To assess the prediction accuracy of each individual protein among the seven proteins in the signature, we performed a Receiver Operating Characteristic (ROC) curve analysis on the upregulated proteins in the signature (FIG. 2G). We took the area under the ROC curve (ROC-AUC) as a measurement of the predictive value of each protein. FAK, MEK1 and Fibronectin were found to have high AUC and high fold change between BC patients and healthy controls (FIG. 2H). We observed a positive correlation between FAK expression in the plasma of the BC patients and the plasma levels of CA 125 and CA 15-3, two commonly used circulating markers for BC (FIG. 7D), further demonstrating the clinical relevance of our identified markers. The strong predictive value of FAK was also shown by building a decision tree model using all available predictors. FAK was found to be the protein that classified the cohort with the highest accuracy (FIG. 7E). To validate the RPPA results, the levels of the upregulated proteins in the signature (FAK, MEK1 and fibronectin) were also found to be increased in BC compared to healthy samples using Western blotting (FIG. 2J). ROC-AUC analysis was also performed on the 4 downregulated proteins in the signature and AUC of 0.728-0.838 were obtained (FIG. 7F, G).

Validating the Predicative Power of the Signature

To validate the predictive strength of our analysis, we obtained an independent test set of plasma samples from other resources in the Sheba Medical Center. This set included plasma samples taken from 16 breast cancer patients obtained during surgery, and 8 control samples from healthy women. There was no apparent batch effect in the RPPA results between the main cohort and the test set (FIG. 8A). Using the identified signature of 7 proteins shown in FIG. 2E, we could cluster the breast cancer patients and healthy controls with high accuracy of 88% (FIG. 3A, 8B). For the individual predictors, we could obtain high ROC-AUCs for FAK and fibronectin in the test set (FIG. 3B, 8C), thus validating their predictive value and highlight the power of our prediction approach.

To determine whether we can increase the test set prediction accuracy, we tested several other classification models (20), and compared the results to the classification by our 7 proteins signature. Out of the 276 proteins examined in the main cohort RPPA, 267 were also examined in the test set RPPA. As input, the models were given the expression levels of these 267 proteins. Each model was trained on the main cohort using different cross validation methods, and then tested on the independent test set. As shown in FIG. 3C, although random forest achieved better sensitivity (true positive rate), overall our signature had the best specificity (true negative rate), and thus overall accuracy.

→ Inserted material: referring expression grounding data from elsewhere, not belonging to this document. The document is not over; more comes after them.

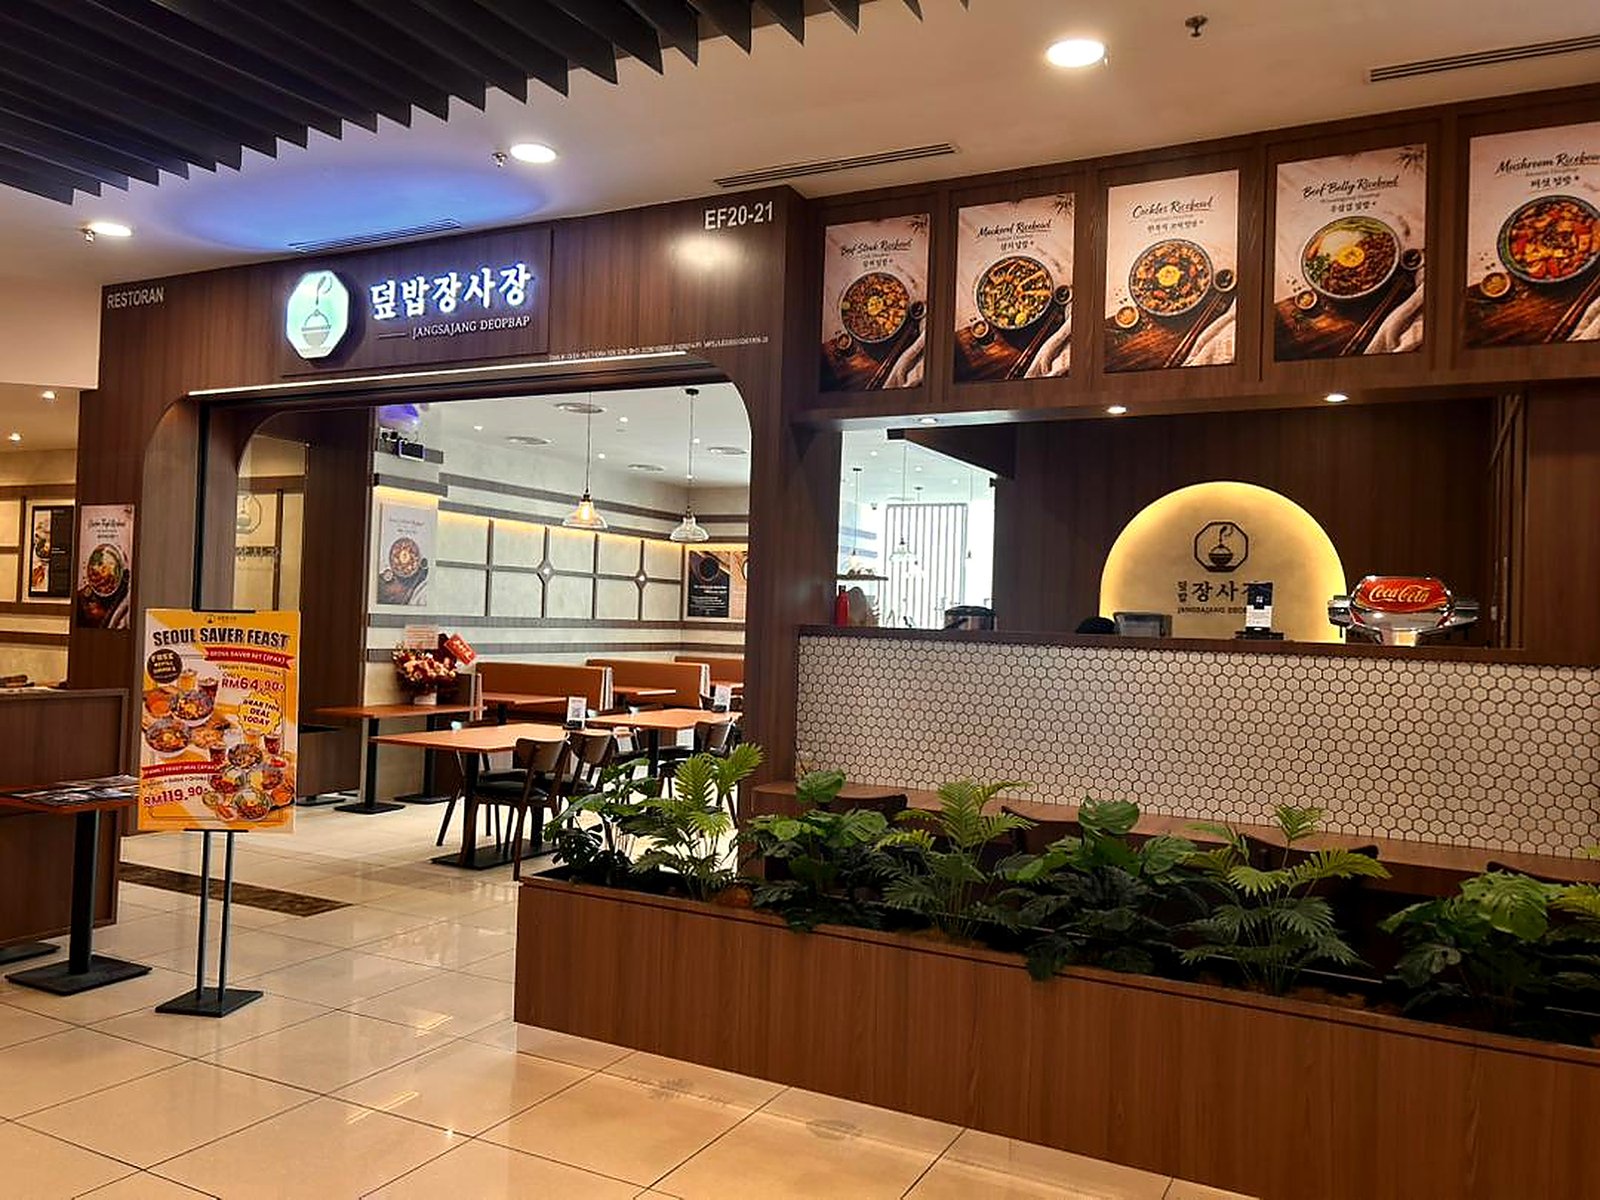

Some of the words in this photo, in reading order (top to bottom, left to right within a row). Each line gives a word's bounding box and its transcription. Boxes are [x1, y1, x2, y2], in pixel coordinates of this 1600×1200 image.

[1494, 157, 1554, 175] Mushroom
[1556, 151, 1600, 166] Ricebow
[1303, 184, 1325, 199] Beef
[704, 201, 773, 230] EF20-21
[1133, 202, 1168, 218] Cockles
[107, 287, 164, 309] RESTORAN
[370, 263, 531, 320] 덮밥장사장
[412, 320, 477, 340] JANGSAJANG
[480, 316, 530, 330] DEOPBAP
[153, 628, 196, 646] SEOUL
[200, 627, 245, 643] SAVER
[247, 630, 290, 648] FEAST
[243, 715, 270, 726] TODAY

Biomarkers for Detection of Cancer Stage

Next, we examined significant differences between breast cancer stages. As particle size distributions revealed no significant difference between pre-surgery patients and controls, we divided the pre-surgery patients into two categories based on tumor stage, as classified by the TNM (Tumor size, Nodes infected and Metastasis) system (FIG. 9A,B). Our cohort was composed mainly of stage I and IIA patients. While particle size distribution of stage I BC patients was not different from healthy controls, stage IIA particles exhibited a shift toward lower particles size, as measured by side scattering analysis (FIG. 4A). This difference in size distribution was also observed by transmission electronic microscopy analysis (FIG. 9C). Moreover, the number of small EVs (size <100 nm), which might include exosomes or exosomes-like vesicles (ELV), was significantly increased in stage IIA patients (FIG. 4B) compared to stage I or healthy samples, although total number of particles remained similar in the three groups (FIG. 9D). ROC analysis of sEV (<100 nm) concentration in the plasma of stage II BC versus healthy samples yielded an AUC of 0.75 (FIG. 9F). Interestingly, an increased number of sEV of less than 100 nm was also associated with increase in Body Mass Index (BMI) (FIG. 9E), but not with any other clinical parameter.

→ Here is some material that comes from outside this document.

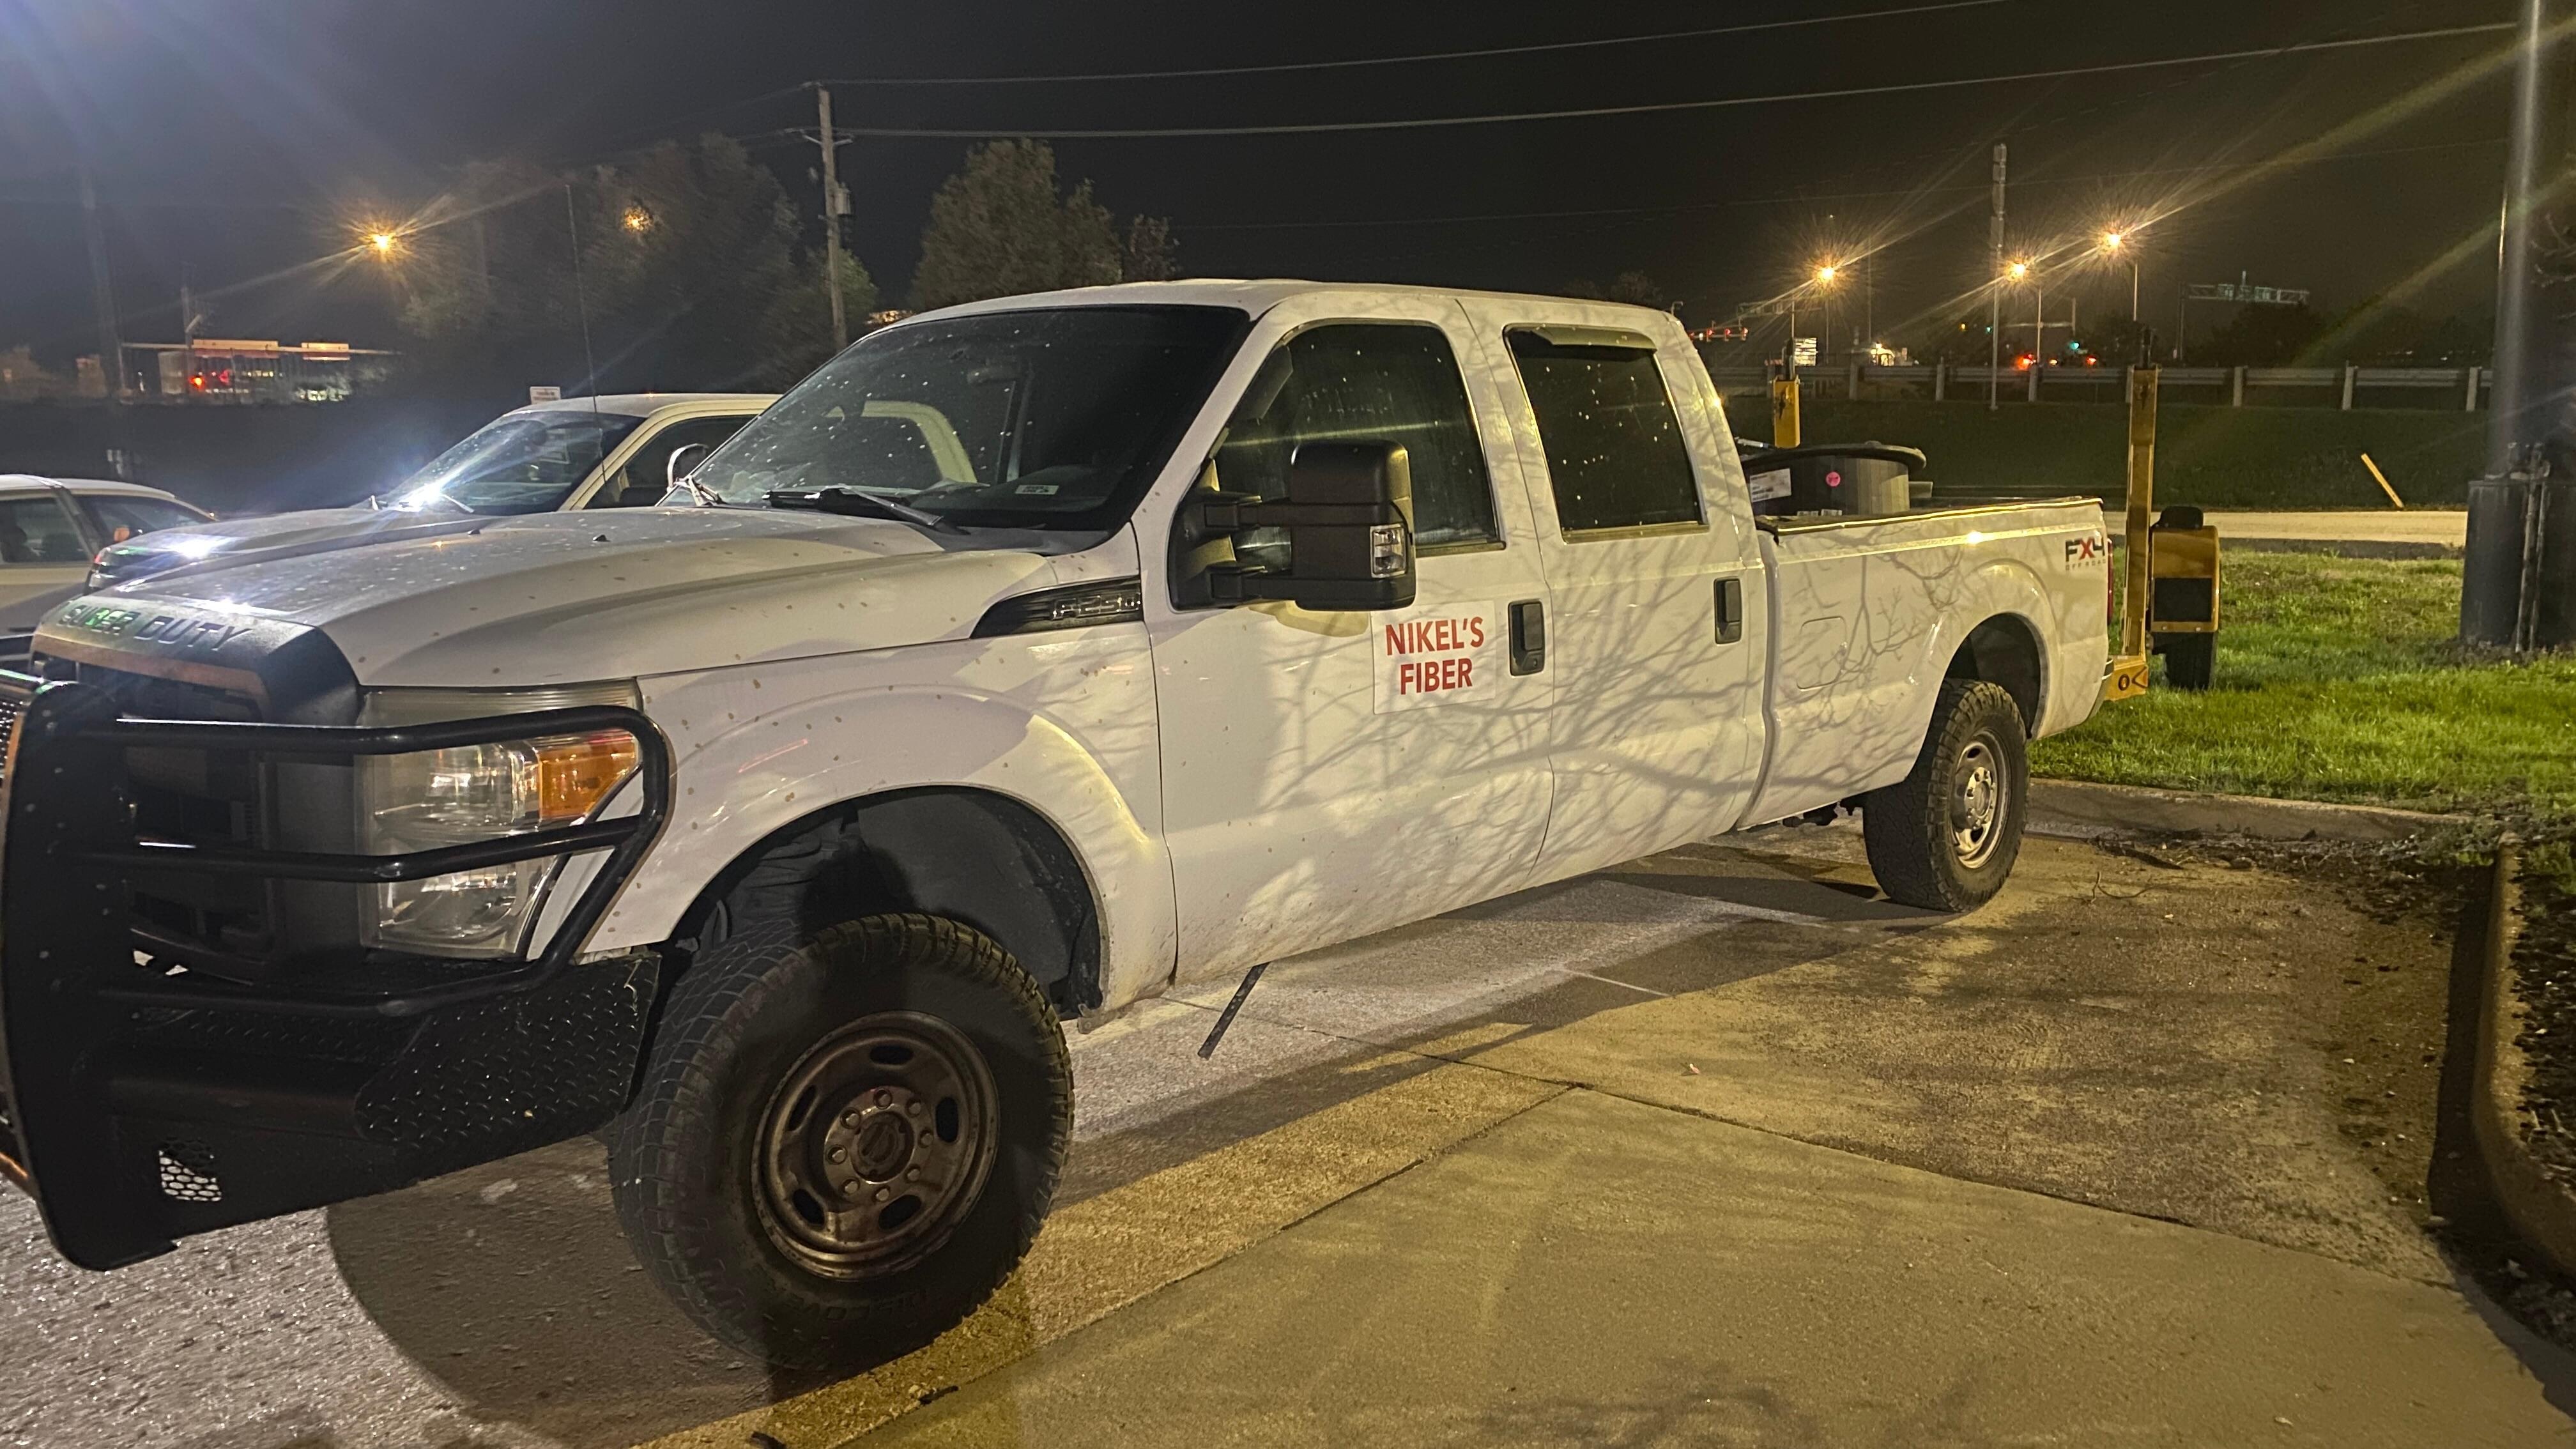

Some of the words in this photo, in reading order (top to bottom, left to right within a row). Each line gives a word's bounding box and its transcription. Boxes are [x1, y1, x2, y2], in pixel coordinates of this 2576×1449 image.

[2066, 537, 2105, 562] FX4
[134, 615, 253, 651] DUTY
[1385, 617, 1485, 656] NIKEL'S
[1400, 657, 1473, 695] FIBER

Next, we looked for sEVs proteins that can distinguish between Stage I, Stage IIA and healthy samples. To that end, we first built a protein signature unique for each stage using kNN, as well as a signature to differentiate stage IIA from stage I patients (FIG. 10A, 10B). Using patient versus healthy signatures, we could cluster stage I (FIG. 4C) and stage IIA (FIG. 4D) patients apart from healthy controls with high accuracy. Logistic regression done for each stage versus healthy samples, corroborated most of the proteins in each kNN signature (FIG. 4C, D right panel). While the protein signatures for stage I and stage IIA shared several proteins, including the 3 most prominent FAK, MEK1 and fibronectin, each also had unique proteins (FIG. 10C), which were analyzed by ROC-AUC to find unique markers for each stage. The best protein markers when comparing stage I patients (FIG. 10D) or stage IIA patients (FIG. 10E) to healthy controls are EGFR and P-cadherin, respectively. Further, the signature with the best AUC that differentiate between stage IIA and stage I consists of 2 proteins, including IGFRβ which has the best ROC-AUC (FIG. 10F). The expression level of markers in our cohort is given in FIG. 10H. Several of the prominent markers for stage IIA (including P-cadherin and TAZ) were decreased in plasma sEVs of BC patients compared to control (FIG. 10H). In light of the increased number of smaller EVs (<100 nm) in plasma of stage IIA patients (FIG. 4B), TAZ and P-cadherin are indeed significantly negatively correlated to smaller EV number (FIG. 10G). This suggests that both the number of smaller EV and the expression levels of specific proteins can help to distinguish stage IIA from stage I patients.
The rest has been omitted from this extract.